Sometimes, these drivers work together – for example, a flight that is efficient, that takes a direct route and uses a fuel-efficient trajectory, will not only cost less but will also have less of an impact on the environment. However, in other cases a compromise is required, such as between the need for capacity and the cost of the service.
Another aspect of ATM is that investment is often made by one part of the sector – but with the benefits or costs impacting another part. As an example, if an ANSP focuses on containing its own internal costs and this results in significant delays and longer, less efficient flights, then the cost of those delays and the extra fuel bills falls mainly on the airlines.
EUROCONTROL’s independent Performance Review Commission provides an excellent insight into some of the tensions that arise – see the recently published 2024 Performance Review Report, which highlighted the long- term impact of focusing on cutting costs.
What is needed is a joined-up approach, looking at the entire Network and considering the impact on all the stakeholders, not just the individual organisation making the decision.
We see this not only at the level of investment strategy but also when making tactical and operational decisions. Indeed, a central theme of the work of the EUROCONTROL Network Manager is “Think Network” – taking into account the impact on all the other stakeholders in the system, for example when deciding on staffing levels for the first rotation of the day or reacting to bad weather.
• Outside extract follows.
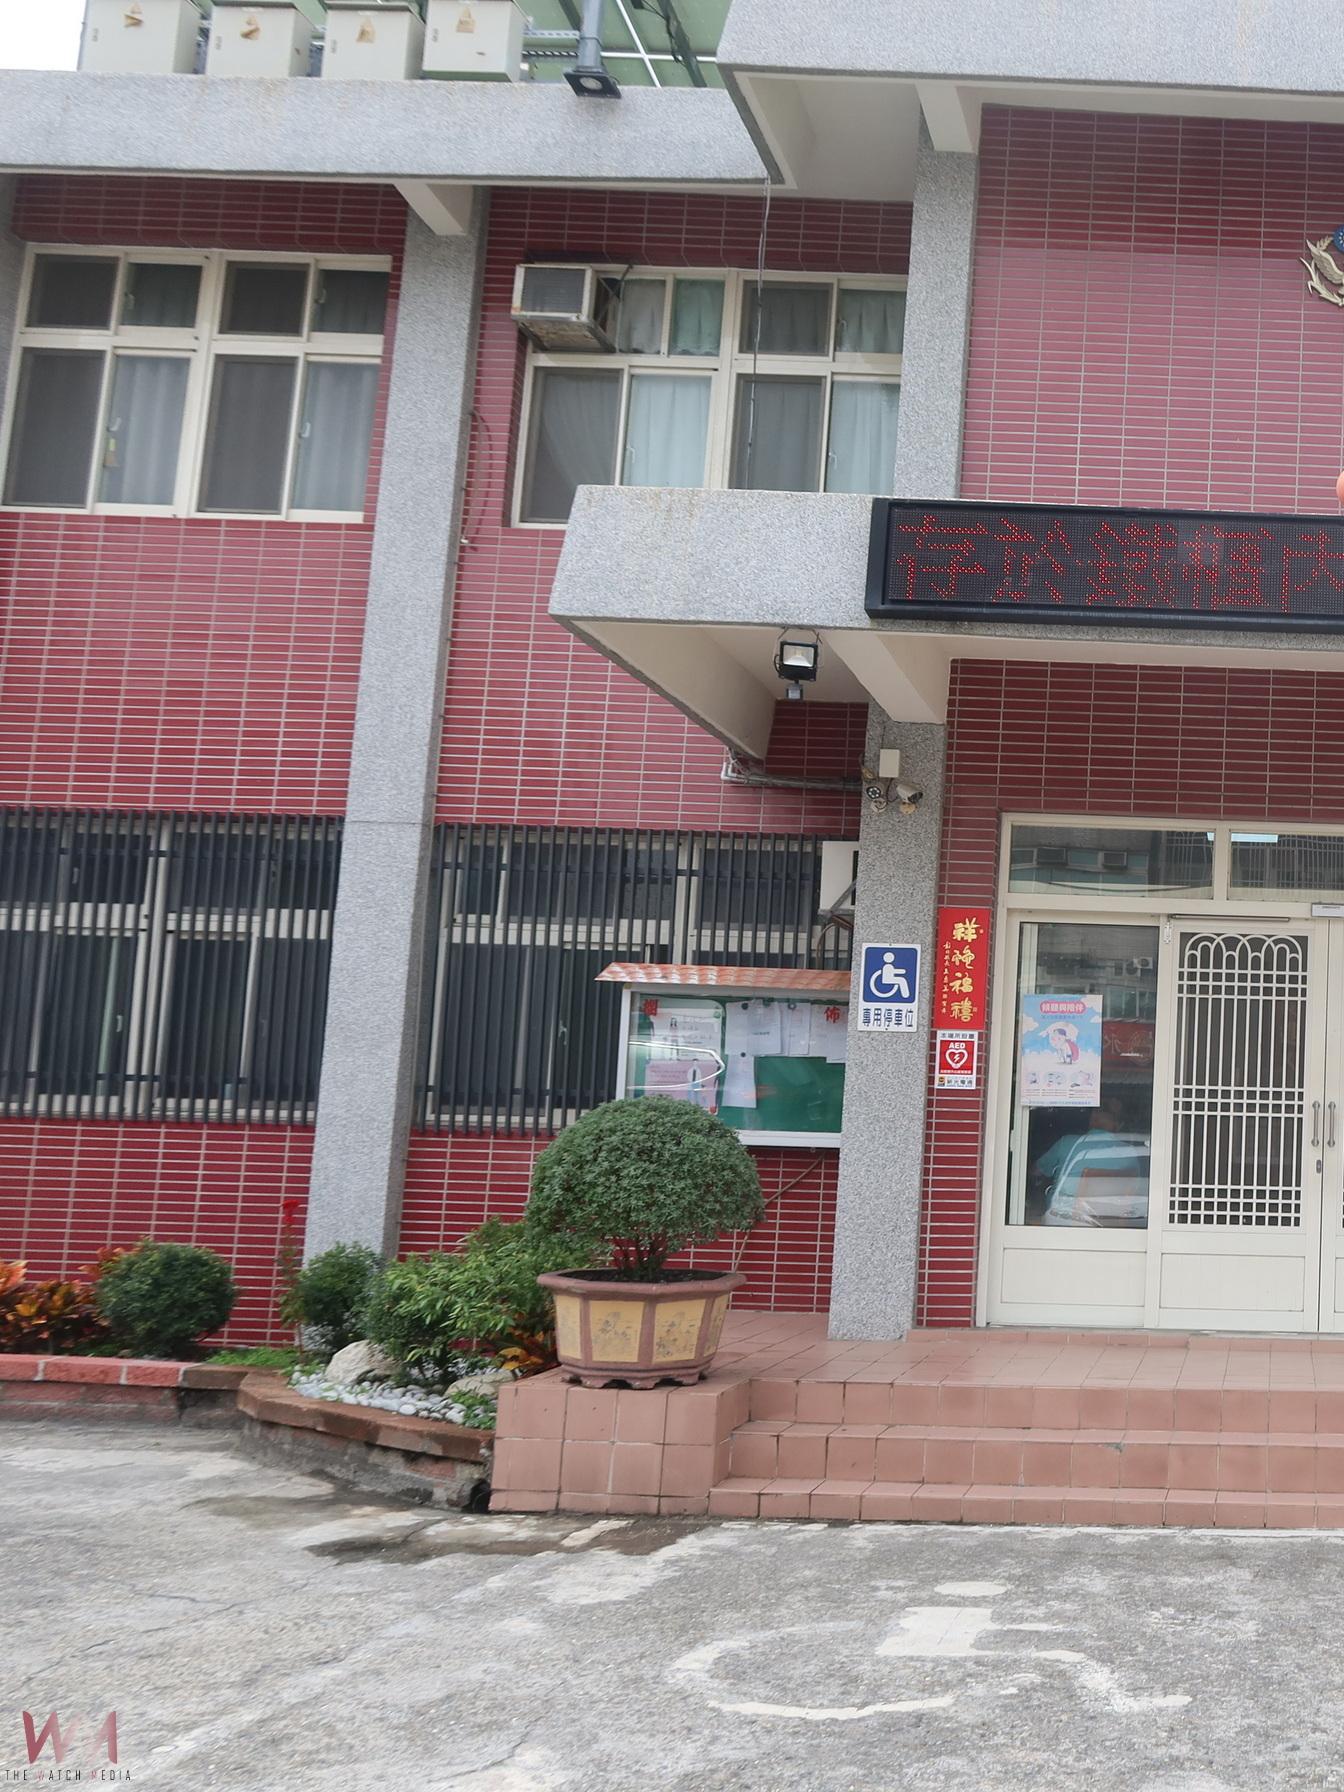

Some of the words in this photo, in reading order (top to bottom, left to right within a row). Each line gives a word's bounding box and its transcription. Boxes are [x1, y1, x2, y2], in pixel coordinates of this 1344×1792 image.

[863, 1008, 914, 1028] 專用停車位
If necessary, regulation should encourage and reinforce such a holistic approach.
We also need to ensure that our investment plans reflect not just the current position but also the position years ahead. Although we are striving to speed up the process, it is still the case that new systems take a long time to be put into operation safely. And we are acutely aware that it takes years to recruit and train new air traffic controllers.
We are now 25 years away from 2050, the date for which we have set the target of aviation achieving Net Zero, despite 50% more traffic and also new types of traffic, such as drones and higher airspace operations. It seems a long way away but we need to be taking action now. To achieve our goals will take more than a single step – it will be a series of major changes, each one challenging and each one urgent.
For instance, it is clear that sustainable aviation fuel (SAF) will be a major part of getting to Net Zero. That means investment by the aircraft manufacturers, by the engine manufacturers, by the airports and also by the fuel companies. But we can also see that the required level of investment – to provide enough SAF at a realistic price – means that there needs to be demand for SAF. The current experience is that the push for that demand is not coming from airline passengers and it will only happen through regulation.
Overall, it’s not an easy time to be investing in the future. The pandemic had a massive financial impact on the entire aviation industry and we are still feeling the effects. But investment, taking a long-term view, is vital because the result of not investing, of making decisions based on short- term costs, will be massively more expensive.